3) Title: AI-enabled information systems
Organizer-Chairman: Dr. Mariya Evtimova
Université Paris 1 Panthéon- Sorbonne, Paris, FRANCE
E-mail: mevtimovagardair@gmail.com

The Information Systems and Technologies research using AI is invited to submit proposals for the organization of AIEIS “AI- enabled information systems” is a special session in the Electrical Engineering & Computer Science (ELECS) conference that will be held in Bern, Switzerland. December 21-23, 2024. AIEIS is a global forum for researchers and practitioners to present and discuss the most recent innovations, trends, results, experiences and concerns in the AI that is present to Information Systems and Technologies.

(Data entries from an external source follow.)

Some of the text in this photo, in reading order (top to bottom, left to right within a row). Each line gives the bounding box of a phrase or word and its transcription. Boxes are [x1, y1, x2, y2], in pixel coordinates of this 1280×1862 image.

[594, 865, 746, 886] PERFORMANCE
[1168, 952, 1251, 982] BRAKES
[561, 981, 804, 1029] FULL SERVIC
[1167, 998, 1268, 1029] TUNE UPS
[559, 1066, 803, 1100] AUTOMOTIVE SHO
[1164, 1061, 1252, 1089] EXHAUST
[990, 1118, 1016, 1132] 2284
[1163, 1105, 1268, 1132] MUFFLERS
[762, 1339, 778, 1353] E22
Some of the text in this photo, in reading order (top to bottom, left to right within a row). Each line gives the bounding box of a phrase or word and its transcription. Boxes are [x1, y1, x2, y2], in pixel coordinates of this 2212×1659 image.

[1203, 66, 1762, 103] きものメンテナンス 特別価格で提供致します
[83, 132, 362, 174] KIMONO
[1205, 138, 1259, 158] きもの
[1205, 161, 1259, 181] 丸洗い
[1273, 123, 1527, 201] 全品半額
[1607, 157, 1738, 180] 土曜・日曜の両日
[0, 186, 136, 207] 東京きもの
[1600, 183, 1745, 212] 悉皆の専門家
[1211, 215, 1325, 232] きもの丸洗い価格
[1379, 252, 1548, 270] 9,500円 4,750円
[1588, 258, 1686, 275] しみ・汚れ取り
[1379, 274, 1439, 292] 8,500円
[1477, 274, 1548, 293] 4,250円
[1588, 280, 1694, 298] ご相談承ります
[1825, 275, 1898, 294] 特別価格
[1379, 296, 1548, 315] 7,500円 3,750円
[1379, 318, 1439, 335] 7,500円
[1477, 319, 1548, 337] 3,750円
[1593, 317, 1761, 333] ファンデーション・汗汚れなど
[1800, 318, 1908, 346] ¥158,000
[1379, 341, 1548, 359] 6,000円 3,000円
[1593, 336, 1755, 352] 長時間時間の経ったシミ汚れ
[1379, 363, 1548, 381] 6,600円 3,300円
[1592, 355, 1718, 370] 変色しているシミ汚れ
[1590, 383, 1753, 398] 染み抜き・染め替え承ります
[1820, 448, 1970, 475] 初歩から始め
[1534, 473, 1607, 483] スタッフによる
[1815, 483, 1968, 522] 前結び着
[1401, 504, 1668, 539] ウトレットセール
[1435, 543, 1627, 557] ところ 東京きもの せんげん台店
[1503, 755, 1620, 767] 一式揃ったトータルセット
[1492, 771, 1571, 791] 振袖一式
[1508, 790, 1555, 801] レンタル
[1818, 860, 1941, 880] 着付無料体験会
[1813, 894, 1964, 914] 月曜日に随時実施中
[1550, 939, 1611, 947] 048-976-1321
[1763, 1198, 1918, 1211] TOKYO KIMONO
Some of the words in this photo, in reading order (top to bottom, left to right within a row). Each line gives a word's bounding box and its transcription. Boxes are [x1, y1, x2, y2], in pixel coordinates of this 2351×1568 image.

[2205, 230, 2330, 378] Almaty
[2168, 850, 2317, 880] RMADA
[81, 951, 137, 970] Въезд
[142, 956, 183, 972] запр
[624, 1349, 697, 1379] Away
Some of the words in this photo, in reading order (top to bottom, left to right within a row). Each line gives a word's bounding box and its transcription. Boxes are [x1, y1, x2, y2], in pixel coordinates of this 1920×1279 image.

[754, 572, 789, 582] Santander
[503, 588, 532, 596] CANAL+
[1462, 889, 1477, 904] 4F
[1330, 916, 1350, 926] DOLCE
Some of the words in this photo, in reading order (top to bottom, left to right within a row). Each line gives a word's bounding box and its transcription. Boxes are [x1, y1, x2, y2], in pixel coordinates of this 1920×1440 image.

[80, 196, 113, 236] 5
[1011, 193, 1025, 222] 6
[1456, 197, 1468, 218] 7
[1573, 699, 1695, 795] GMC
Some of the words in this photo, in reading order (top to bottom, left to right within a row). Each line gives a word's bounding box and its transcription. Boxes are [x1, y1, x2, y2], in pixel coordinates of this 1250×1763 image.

- Machine learning algorithms
- Questions & Answering systems
- Knowledge Reasoning
- Semantic systems
- Metadata description and metadata systems
- Ontologies and knowledge graph applications
- Data mining systems
- Natural Language Processing algorithms
- Recommender systems
- Knowledge discovery
- Intelligent Systems
- Artificial Neural Networks
- Fuzzy and probability systems
- Big Data systems
- Information processing
- Information extraction
- Data- sharing and fairness in AI
- Human-computer interaction systems
- intelligent support systems in human science
- intelligent support systems in education
- intelligent business systems

4) Title: Advanced Computational and Artificial Intelligence Methods in Smart Forestry
Organisers-Chairs: Dr. Robertas Damasevicius
Faculty of Applied Mathematics, Silesian University of Technology, Gliwice, Poland
Email: robertas.damasevicius@polsl.pl

Prof. Dr. Gintautas Mozgeris
Agriculture Academy, Faculty of Forest Sciences and Ecology, Department of Forest Sciences, Vytautas Magnus University, Akademija, Lithuania.
Email: gintautas.mozgeris@vdu.lt

Dr. Rytis Maskeliunas
Department of Multimedia Technologies, Kaunas University of Technology, 51311 Kaunas, Lithuania
Email: rytis.maskeliunas@ktu.lt

To provide a platform for researchers, practitioners, and policymakers to discuss, share, and promote the latest advancements in computational techniques and AI applications tailored for forestry. This special issue aims to shed light on the intersection of AI, data science, and the intricate dynamics of forest ecosystems, paving the way for more informed forest management, conservation, and industry practices. This conference special issue seeks to combine the collective expertise of multiple disciplines, ensuring a comprehensive perspective on the potential of AI and advanced computational techniques in revolutionizing forestry for the betterment of both humanity and the planet.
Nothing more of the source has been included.